My issue is that you could only ever get so many of each collectible. There would never be a risk of the market being flooded with somebody hoarding a bunch of prismatic eggs had they had unlimited stock _because you were only able to obtain enough currency to buy one_. You couldn't solve enough clues to buy two, even if you participated in the egg decorating contest. Whether the stock had been unlimited from the start or not it would've resulted in the same amount of eggs ending up in circulation. The difference being people wouldn't have been stressed over when they got their egg and maybe there was somebody out there who decided to get a dragon scale & my melody or squid egg in place of a prismatic one because they were easier to get.


----------



## Mr.Fox (Apr 6, 2021)

-Lumi- said:


> My issue is that you could only ever get so many of each collectible. There would never be a risk of the market being flooded with somebody hoarding a bunch of prismatic eggs had they had unlimited stock _because you were only able to obtain enough currency to buy one_. You couldn't solve enough clues to buy two, even if you participated in the egg decorating contest. Whether the stock had been unlimited from the start or not it would've resulted in the same amount of eggs ending up in circulation. The difference being people wouldn't have been stressed over when they got their egg and maybe there was somebody out there who decided to get a dragon scale & my melody or squid egg in place of a prismatic one because they were easier to get.
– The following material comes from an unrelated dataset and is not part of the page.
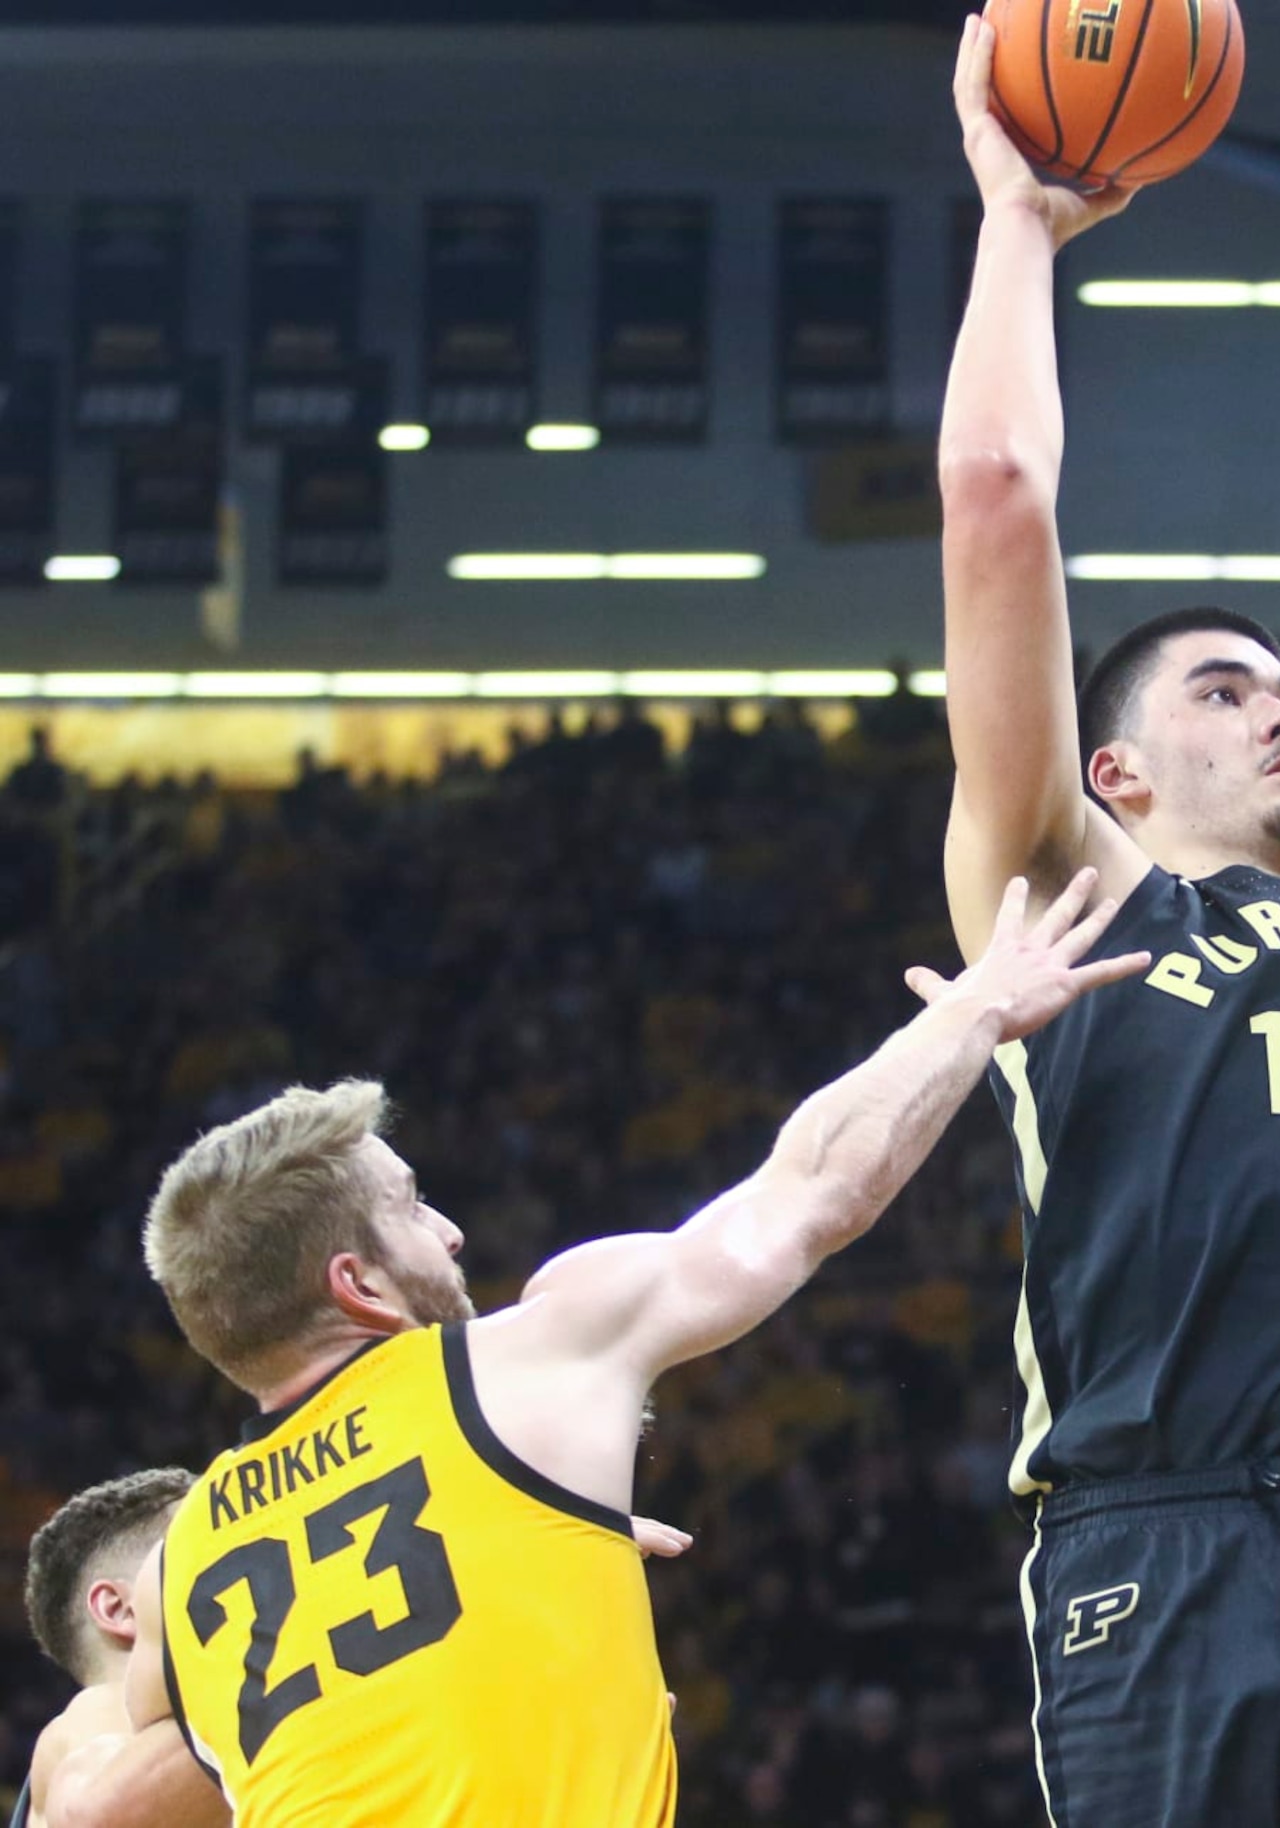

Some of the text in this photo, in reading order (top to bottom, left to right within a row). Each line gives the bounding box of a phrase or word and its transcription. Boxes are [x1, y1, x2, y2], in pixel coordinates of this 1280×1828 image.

[209, 1405, 373, 1531] KRIKKE
[186, 1455, 463, 1768] 23
[1063, 1582, 1140, 1656] P
Nah, it's still business behind the scenes. If the Prismatic Eggs were unlimited, but still cost 15 eggs, everyone would've been saving up to buy them.

When people see 2/2 eggs available, they're more likely to settle on a different egg and thus flush the market with increased variety of collectibles. Never knowing if and when a restock may come is what generates the variety.

I was sitting at 9 egg currency for ages this past weekend. There were only 4 clues I hadn't solved. Not knowing if a restock was coming and not knowing if I was going to be able to solve one more clue caused me to buy the My Melody egg instead of holding out for a Dragonscale egg. Turns out I was able to later solve 1 more clue, that could've gotten me the Dragonscale egg...but since I couldn't predict the future, the market now has 1 more My Melody egg in it instead of 1 more Dragonscale egg.

Hope that makes sense.


----------



## -Lumi- (Apr 6, 2021)

Mr.Fox said:


> Nah, it's still business behind the scenes. If the Prismatic Eggs were unlimited, but still cost 15 eggs, everyone would've been saving up to buy them.
> 
> When people see 2/2 eggs available, they're more likely to settle on a different egg and thus flush the market with increased variety of collectibles. Never knowing if and when a restock may come is what generates the variety.
> 
> ...



That logic is flawed, though. People were told in the egg hunt thread to save up and hold onto their egg currency for the egg they wanted _specifically because _they would do enough restocks to ensure that they would get the egg they wanted. That's why you had people who specifically saved up and were so stressed out about the nature of the restocks. They were told to save their eggs if they really wanted it - so doing it in a sporadic, limited manner just made things stressful for no reason.


----------



## Mr.Fox (Apr 6, 2021)

-Lumi- said:


> That logic is flawed, though. People were told in the egg hunt thread to save up and hold onto their egg currency for the egg they wanted _specifically because _they would do enough restocks to ensure if you wanted the egg you'd get it. That's why you had people who specifically saved up and were so stressed out about the nature of the restocks. They were told to save their eggs if they really wanted it - so doing it in a sporadic, limited manner just made things stressful for no reason.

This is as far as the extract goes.